5 min read

Longitudinal Analysis

Dr. Max Ganhewa
Dr. Max Ganhewa
Founder & CEO
Prof. Dr. Nicola Cirillo
Prof. Dr. Nicola Cirillo
Head of Research
PM
Prof. Michael McCullough
The University of Melbourne

Learn from babies

Imagine a visit to a paediatrician. They weigh the baby, measure the baby, and
plot one dot on a chart. A baby steady on the 30th percentile is well. A baby
who slides from the 80th to the 30th since the previous visit needs looking at
immediately. The dot tells you almost nothing. The line tells you everything.
Dentistry has the same charts. We just don't always draw the line.

N=1

We typically don't make irreversible life decisions on a sample of one.

You wouldn't sell your house for the first amount a stranger shouted over the fence. You wouldn't amputate a leg because it ached on a Tuesday. We wait. We watch. We gather second, third and fourth data points, and crucially see where it's trending, before we do something we can't undo. We usually do this intuitively, subconsciously, and heuristically.
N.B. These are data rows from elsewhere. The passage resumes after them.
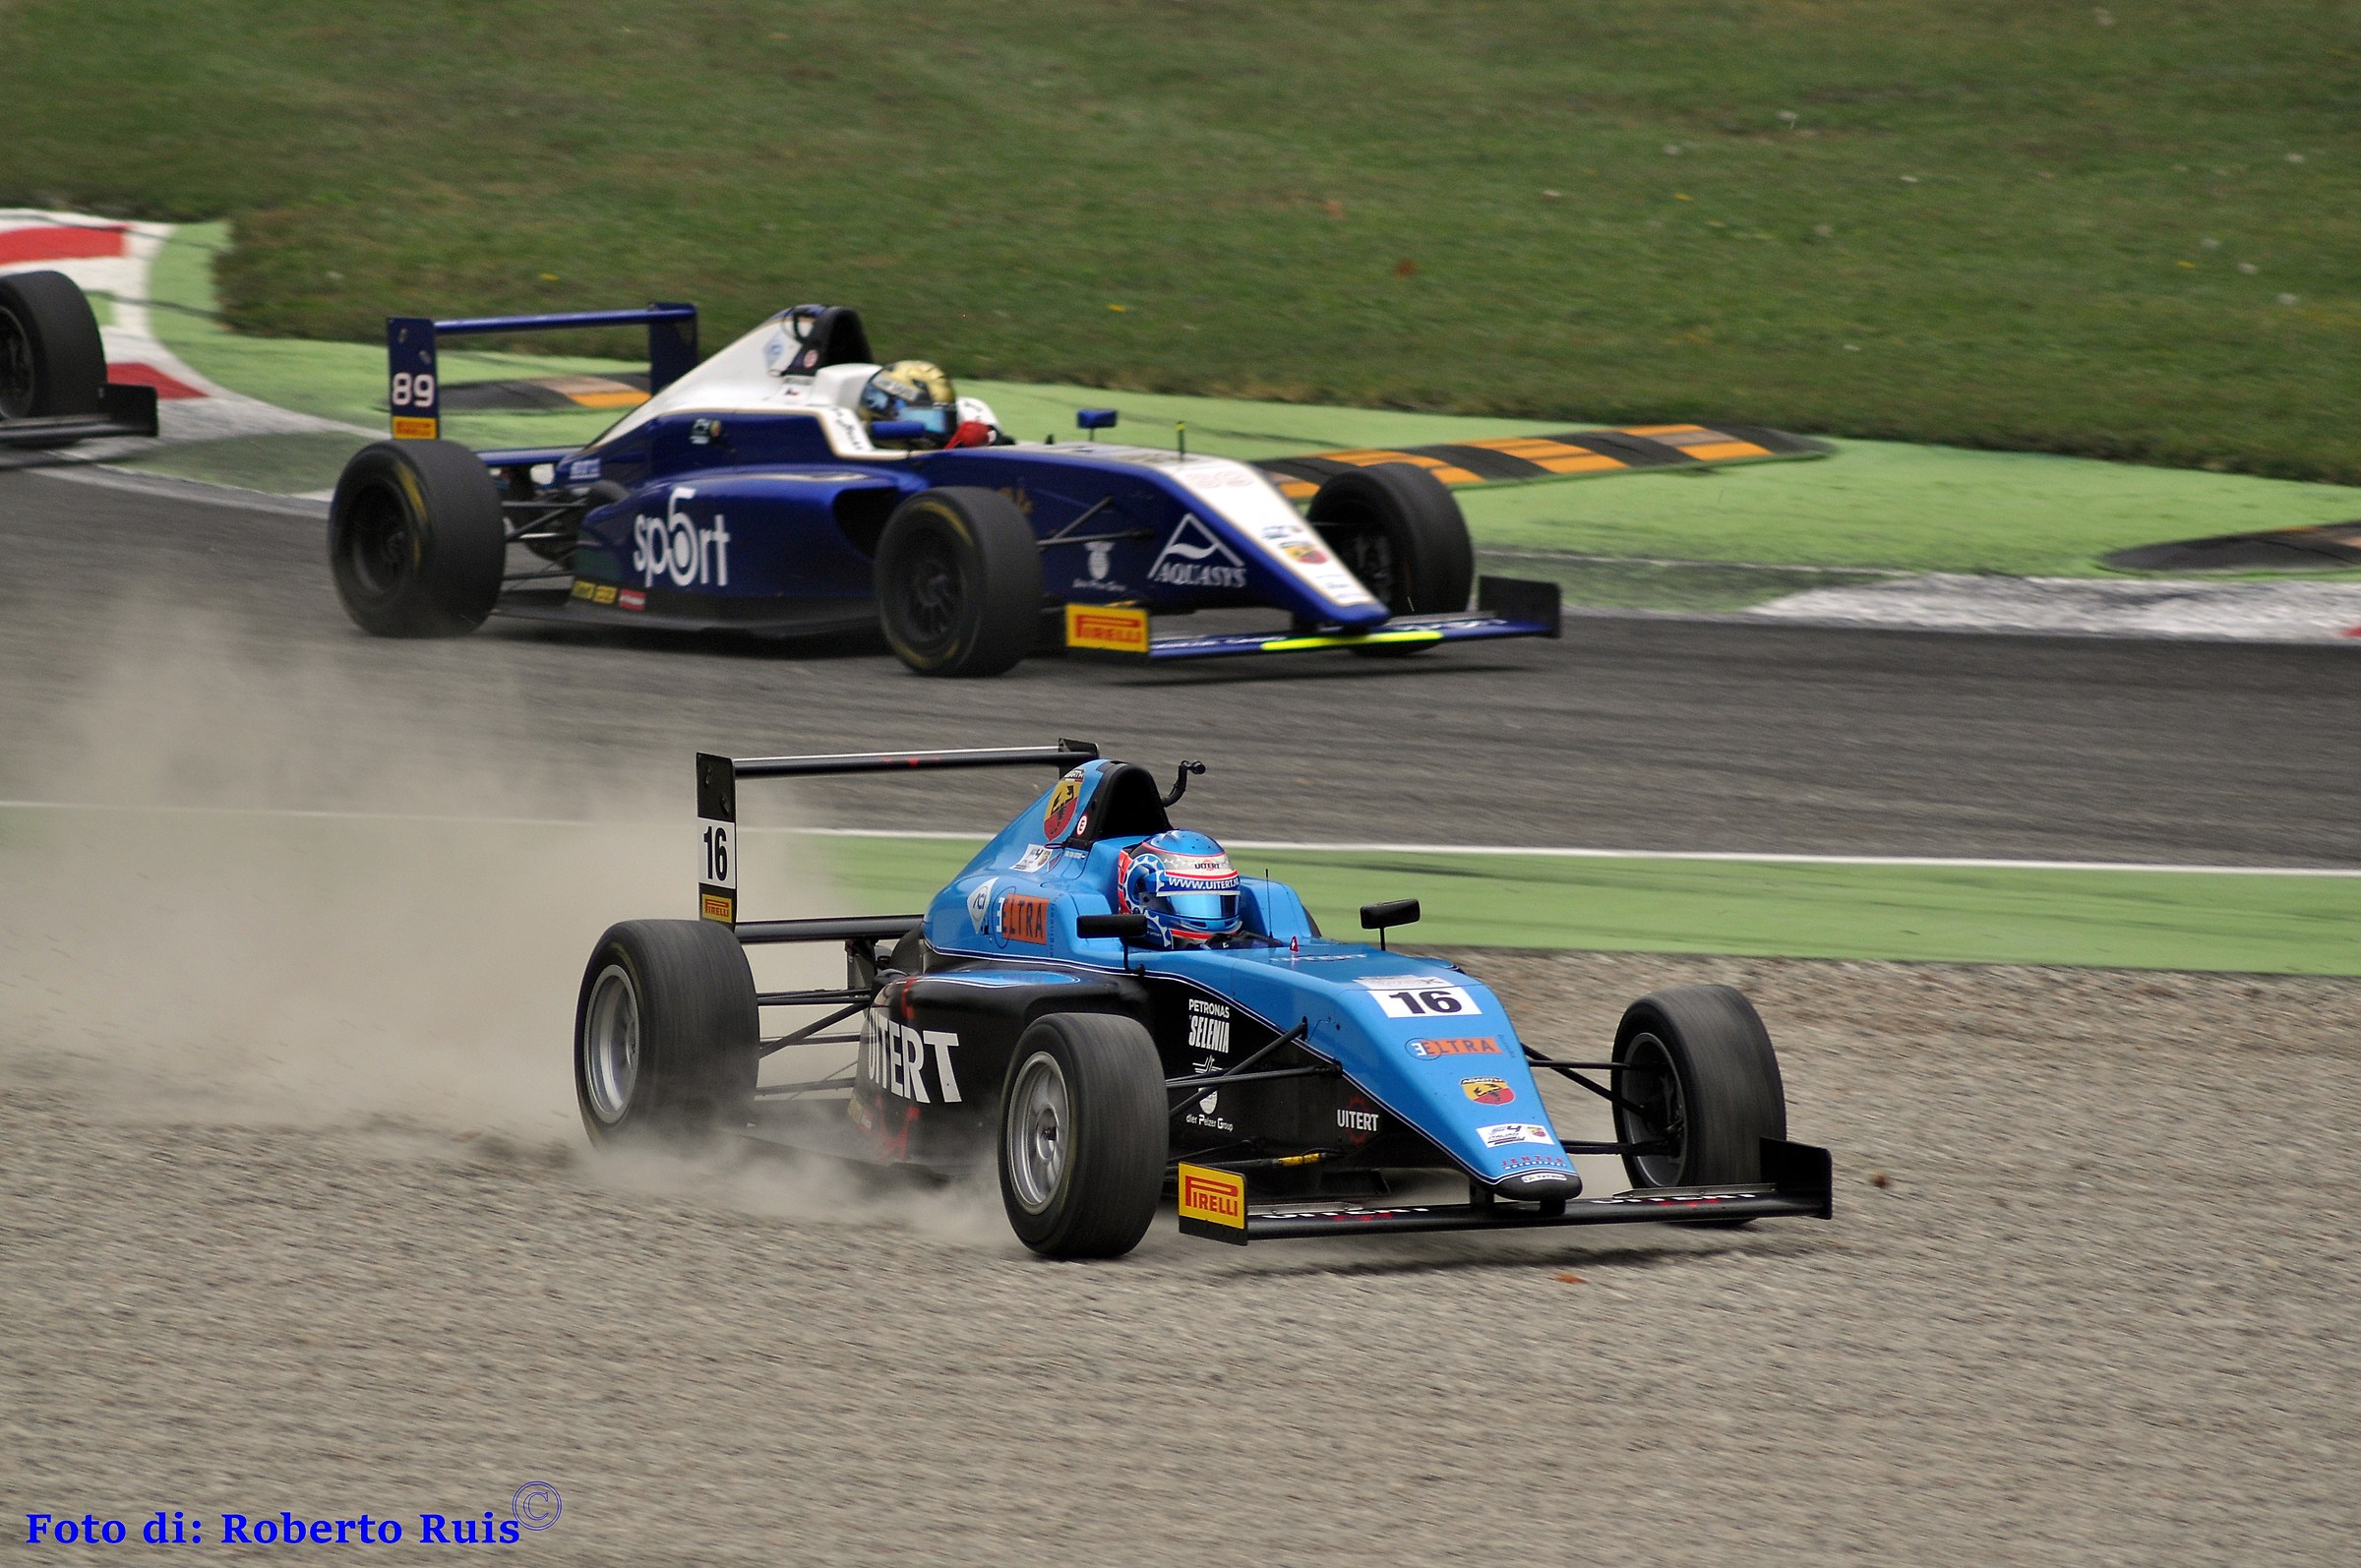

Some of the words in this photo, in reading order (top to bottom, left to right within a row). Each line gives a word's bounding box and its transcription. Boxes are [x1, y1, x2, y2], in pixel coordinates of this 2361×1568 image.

[393, 372, 435, 407] 89
[703, 825, 728, 881] 16
[1188, 998, 1231, 1019] PETRONAS
[1389, 991, 1463, 1015] 16
[1188, 1015, 1231, 1054] SELENIA
[868, 1006, 963, 1104] UITERT
[1336, 1109, 1379, 1132] UITERT
[1185, 1176, 1239, 1217] PIRELLI
Bone loss, tooth wear, recession, erosion, caries, and even oral cancer is a
process. Sometimes it changes. Sometimes rapidly, Sometimes it stays still. A
lesion is not a thing, it's a stage in a story, and the only honest question is
which way the story of this lesion is heading. And understanding how quickly
a condition is changing is often more informative than simply determining
whether change has occurred.

Signal or noise?

There is another reason why single observations can be misleading. Clinical
measurements are never perfect. A radiograph may look different because of
angulation. A periodontal measurement may vary between examinations. A
lesion may appear larger or smaller because of lighting, photography, or
examiner variability. The clinician is rarely observing disease directly; they
are observing a measurement of disease. Longitudinal monitoring helps
separate true biological change from measurement noise, allowing the signal
to emerge from the background variability.

Iatrogenesis from residual risk

Every irreversible intervention starts a second act you can’t control. Not every
lesion becomes disease. Not every disease becomes clinically significant.
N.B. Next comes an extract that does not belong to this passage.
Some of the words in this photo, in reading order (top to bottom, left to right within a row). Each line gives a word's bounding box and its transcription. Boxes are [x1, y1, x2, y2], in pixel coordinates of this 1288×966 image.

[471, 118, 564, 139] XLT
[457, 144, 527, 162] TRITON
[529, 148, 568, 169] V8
No one ever looked at a hurricane and blamed a butterfly. The chain is too
long, the steps too many, the cause too far back to see. By the time a tooth
needs an extraction at fifty, nobody remembers the fissure sealant at twenty
one. We feel the hurricane. All we can do is minimise the wing beats where
and when appropriate. Not every lesion becomes disease. Not every disease
becomes clinically significant.

No intervention?

This is not an argument for doing nothing.

Watching can be its own harm. Some conditions are not butterflies. They are
gathering storms, and the data says so. This is where experience, judgement
and sound decision making make human practitioners indispensable.

So do something when the benefit outweighs the long term, residual risk. The
point is not less treatment. The aim is to treat the condition that is actually
moving, at the earliest possible time when it starts moving and is trending
towards a disastrous outcome. Leave alone the conditions that are not moving,
and maybe likely to never move, is of the utmost benefit for the patient.

Trust and persuasion

Showing that a condition is stable, and that you'll continue to monitor it, is one
of the ways you build the most profound trust. Showing the condition is moving towards a very bad outcome, and being there with the options and solutions, is one of the easiest ways to earn case acceptance. The data does the work. You take the measurement, plot the point, demonstrate the change, and be available for questions.

The data moat

Your past data can be one of the strongest reasons a patient comes back to you.

‘Come back in six months and we'll see whether the wear is getting worse’.
That sentence if repeated will improve your rebooking and recall attendance
many fold. Remember though that this is conditional on regular gathering of
photos, scans, and when indicated radiographs.

I’m a firm believer that If you treat your data as one of your most valuable
assets, it will respond by becoming one of your most valuable assets.

Ergodic nature

Nassim Taleb, from whom we've borrowed from many times in this essay, calls ergodicity the most powerful concept he knows. There's a point where a condition no longer regresses to a mean, and pulls with increasing power towards a bad outcome. Get close enough and there is no path back. Taleb alls this an absorbing barrier. A condition near that edge travels one way quickly, toward full mouth rehab, clearance or in the case of oral medicine much worse outcomes. So, past a certain point watching is not evidence based, it's the road to an absorbing barrier and great harm. Doing nothing becomes a severely iatrogenic act. Sometimes, at the initial examination it is all too clear the condition has moved way past that absorbing barrier, but this movement occurred without being observed. The periodontal disease is extensive, the tooth wear is profound, the oral cancer is clearly present at that first visit. Immediate appropriate intervention and treatment is critical. Depending on your practice, this is probably not the norm.

In summary

Great patient and commercial outcomes should never be built on compromising ethics. Longitudinal monitoring, with judicious data backed -
watch and wait strategies and judicious data backed intervention, is the best way I know to achieve excellent patient outcomes.